To fund the scholarship, Starita is contributing all the proceeds from two of his works, “I Am A Man: Chief Standing Bear’s Journey for Justice,” originally published in 2009, and “A Warrior of the People: How Susan La Flesche Overcame Racial and Gender Inequality to Become America’s First Indian Doctor,” published last year.

“I encourage all the Native American students to apply and to everyone to donate to this scholarship. It’s about more than the money; it’s about telling your story about overcoming hardships and proving Native Americans can and will prevail,” Maileigh said.

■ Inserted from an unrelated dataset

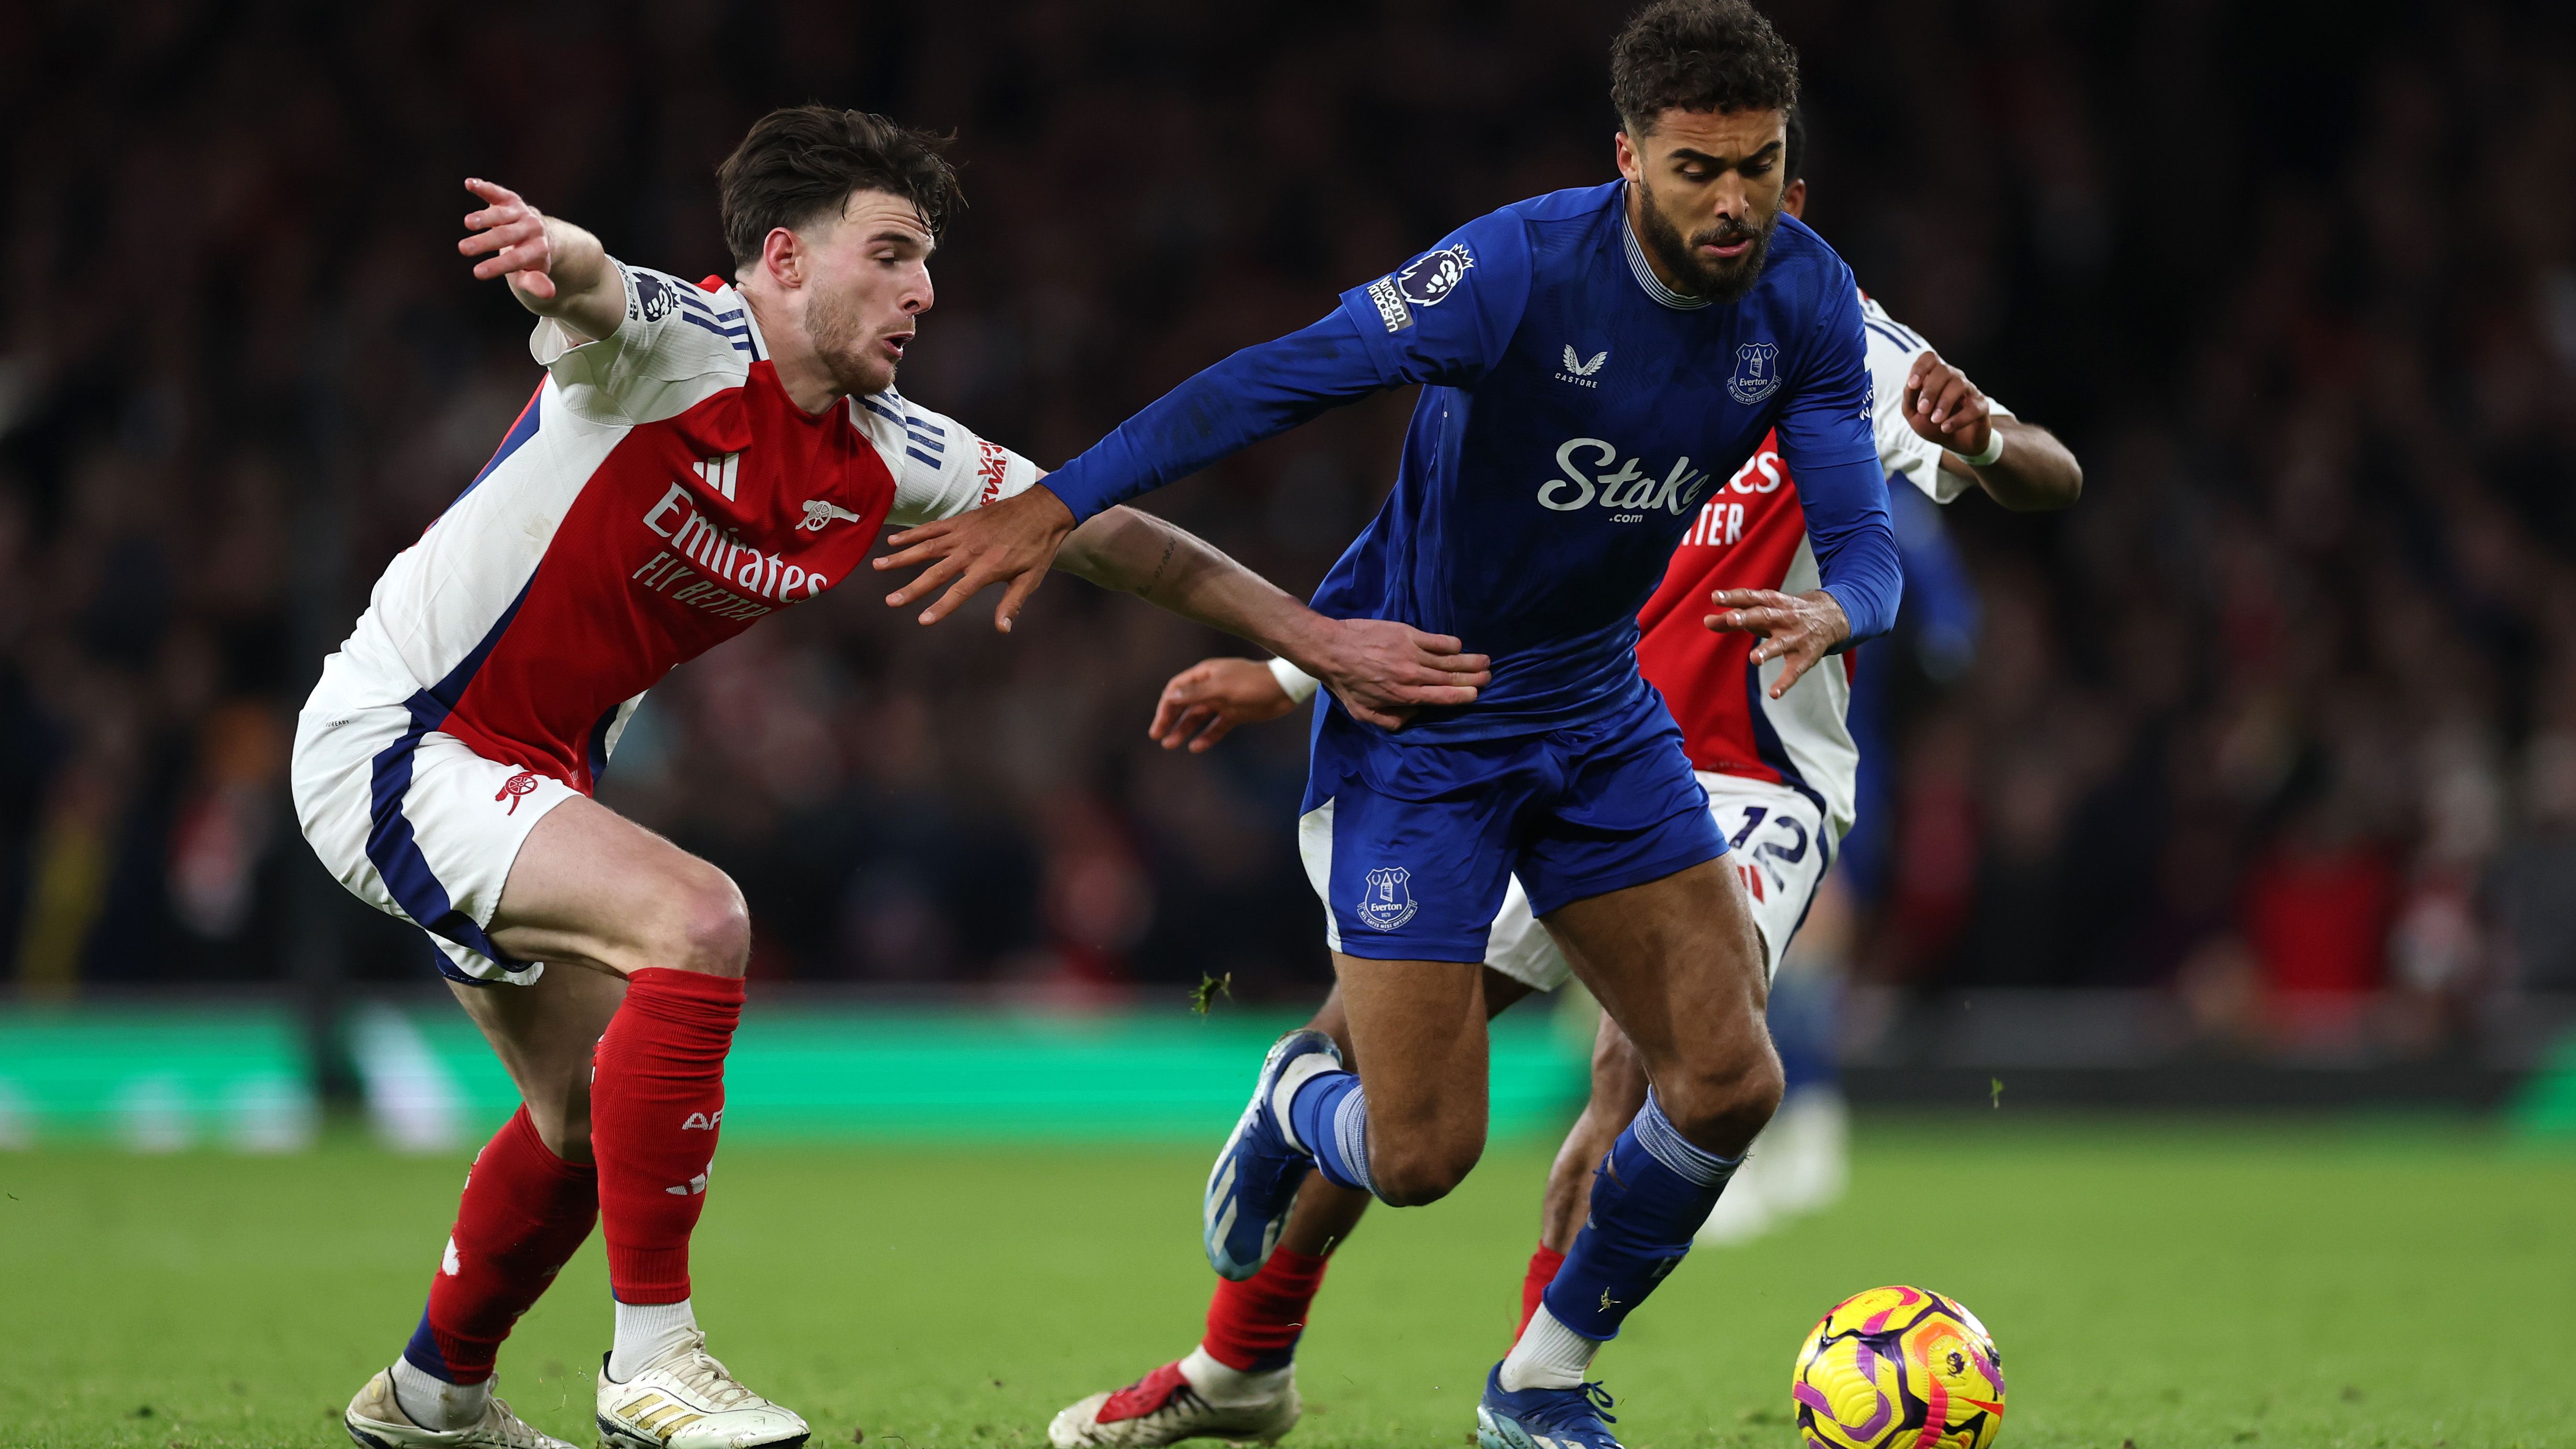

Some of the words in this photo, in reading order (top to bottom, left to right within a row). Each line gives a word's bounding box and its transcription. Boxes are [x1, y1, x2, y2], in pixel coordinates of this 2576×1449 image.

Open to Native American students, the scholarship fund is an endowed affiliate fund of Nebraska Community Foundation. Starita has made numerous presentations promoting the scholarship fund along with his books, and many individuals have contributed to help build the fund. Anyone can contribute to the scholarship fund here, and all contributions are tax deductible.

“I started the scholarship fund for Native American high school graduates, and we have awarded 13 so far. These are students who have all the academic chops; they just don’t have the money. I thought it would be a good thing to help these students find a profession that would generate a paycheck that could support a family and make them stakeholders in their community. And if they, in turn, can give something back to their communities – then all the better,” Starita said.

Maileigh hopes to realize that dream. “It really makes me sad that not as many Native Americans are as successful as they should be, she said. “I took a class in my freshman year that explored Native American issues. I learned about the very sad situation in Whiteclay. But I am of the generation to change this stereotype. I want to be part of a new success, not like my family of the past.

“Recently, I’ve made contact with my uncle I haven’t seen in over 10 years, and I’m excited listening to his stories. He can tell me about things we did – happy stories.

“He cried when we met and cried again when I showed him the only photo I have of him, my mom, and me at the park. I’m hoping he can tell me about my past and teach me our Native ways.

“I see the passion and the love he has for our tribe, and it’s inspiring. That’s what it means to be Native. To be proud, yearning for more, and excited for what I can do for other Native people in the future.”